Copy the entries below verbatim, omitting any pictures they contain.

Annotated photo localization data:
= Beginning of Section =
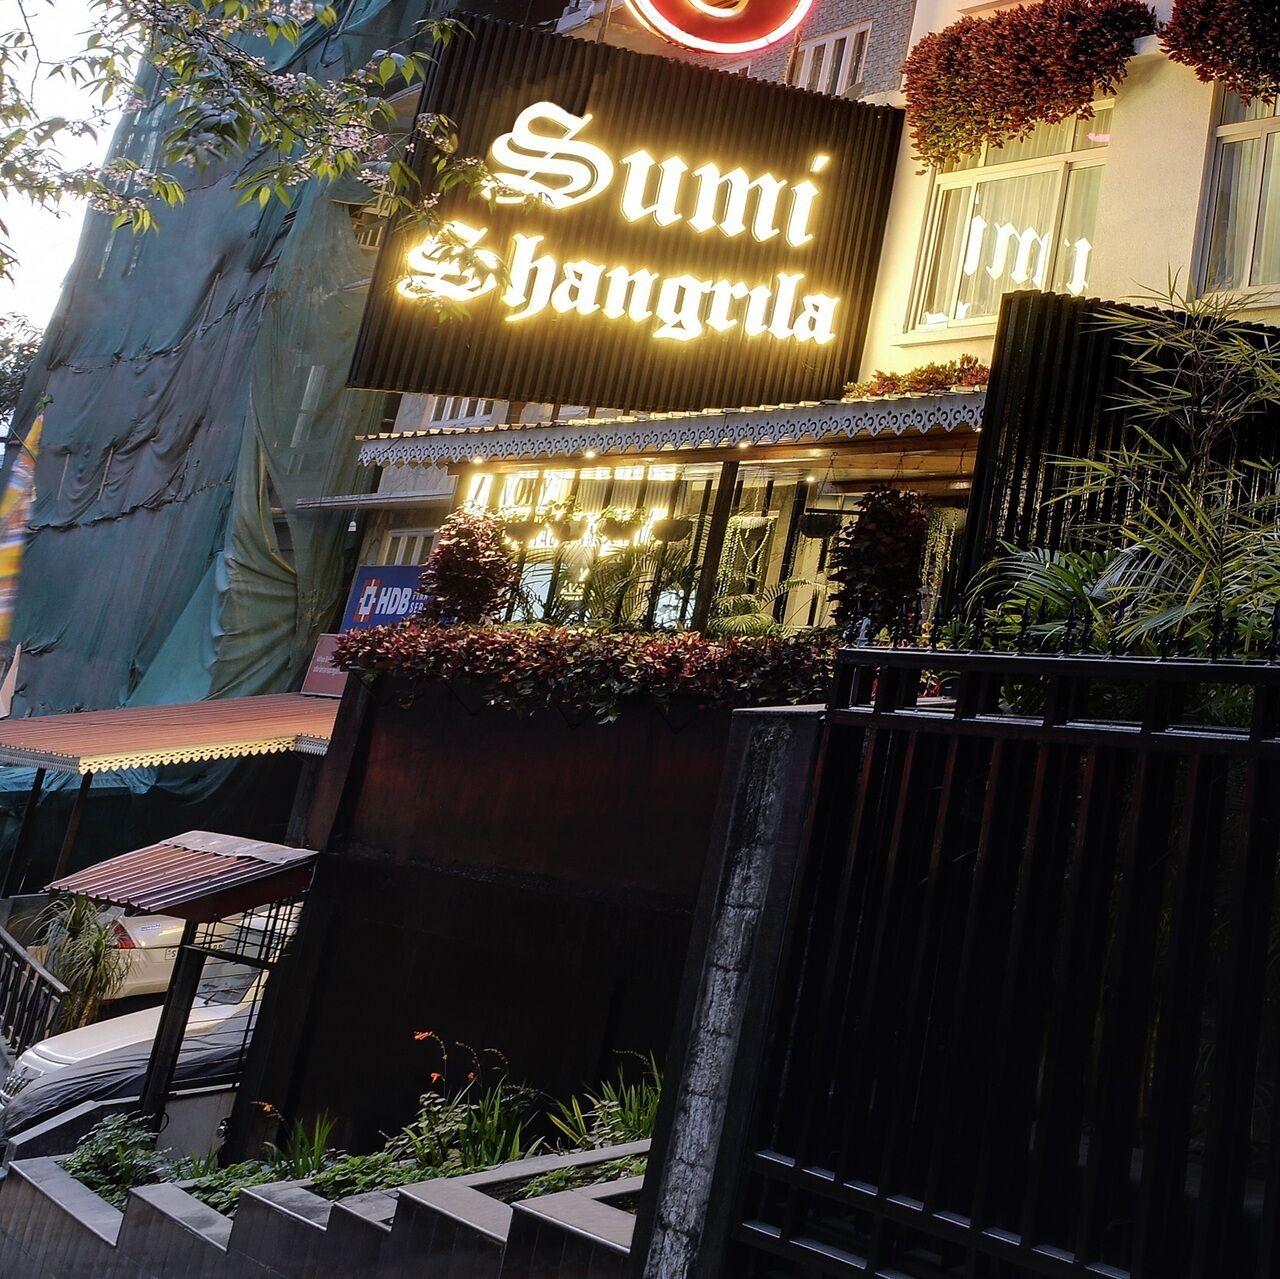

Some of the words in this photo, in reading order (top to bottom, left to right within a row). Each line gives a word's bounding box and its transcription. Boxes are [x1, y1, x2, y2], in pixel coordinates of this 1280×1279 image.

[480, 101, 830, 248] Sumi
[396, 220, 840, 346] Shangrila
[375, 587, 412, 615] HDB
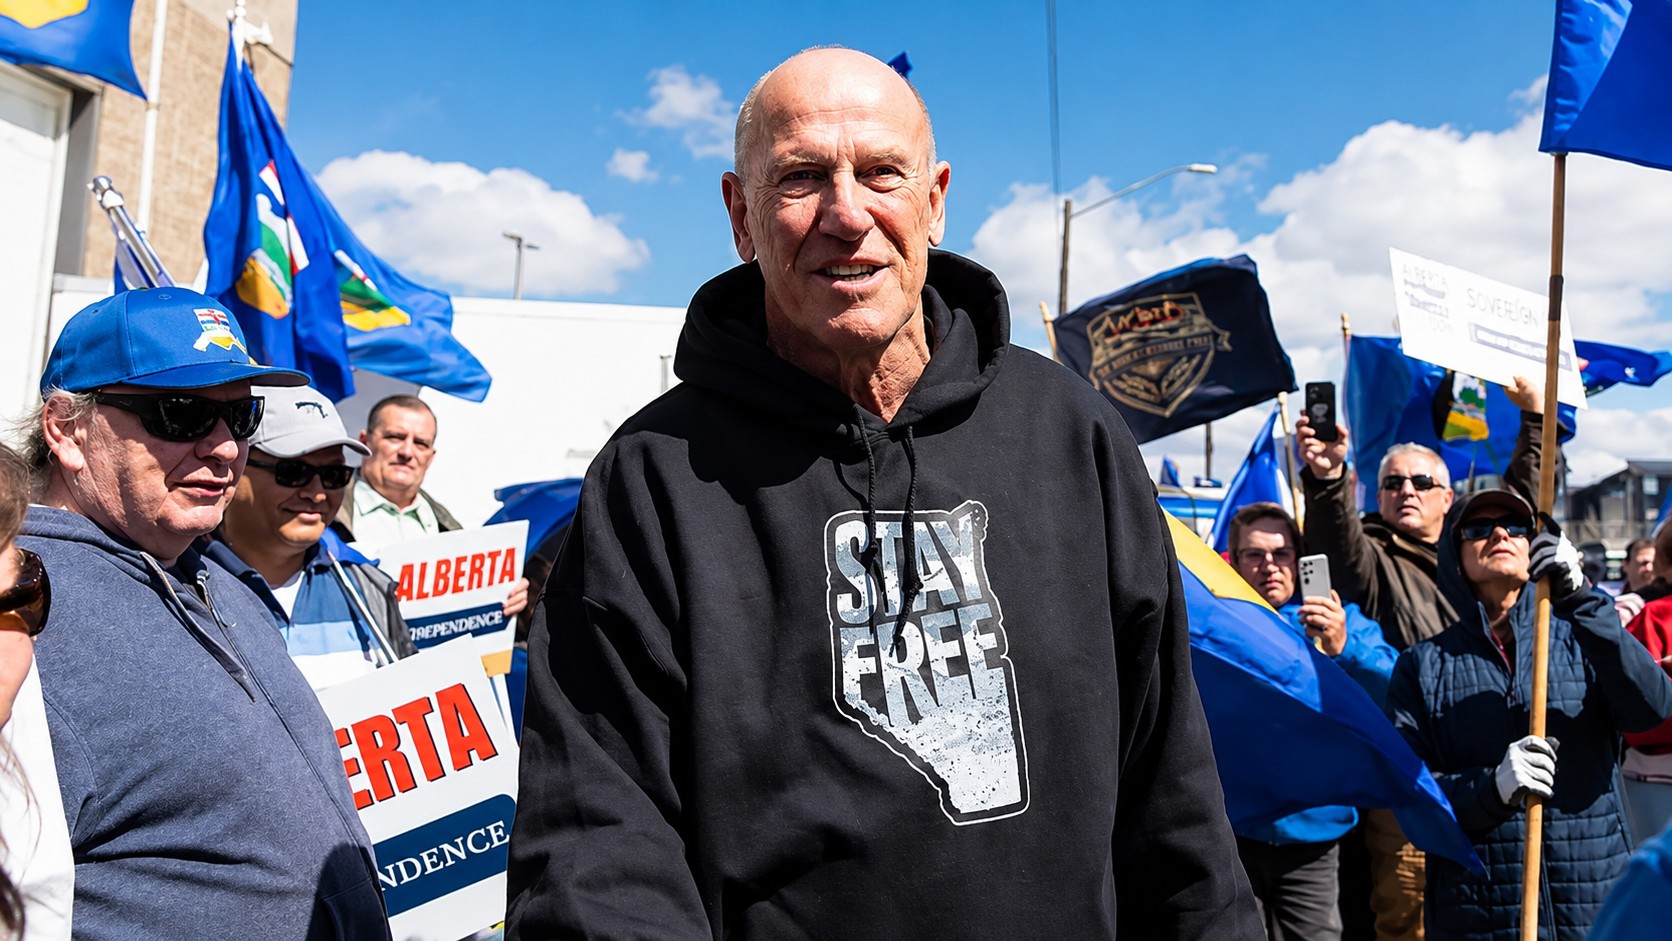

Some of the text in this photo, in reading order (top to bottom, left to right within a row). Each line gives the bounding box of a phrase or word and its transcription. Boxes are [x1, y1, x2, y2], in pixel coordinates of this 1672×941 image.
= End of Section =
FINISHED EXERCISE:
Some of the words in this photo, in reading order (top to bottom, left to right within a row). Each line gives a word's bounding box and its transcription. Boxes are [x1, y1, x2, y2], in pixel coordinates of this 1280×1279 image.

[480, 101, 830, 248] Sumi
[396, 220, 840, 346] Shangrila
[375, 587, 412, 615] HDB

Some of the text in this photo, in reading order (top to bottom, left to right within a row). Each line gives the bounding box of a phrase or word and its transcription. Boxes are [x1, y1, x2, y2], in pixel coordinates of this 1672×941 image.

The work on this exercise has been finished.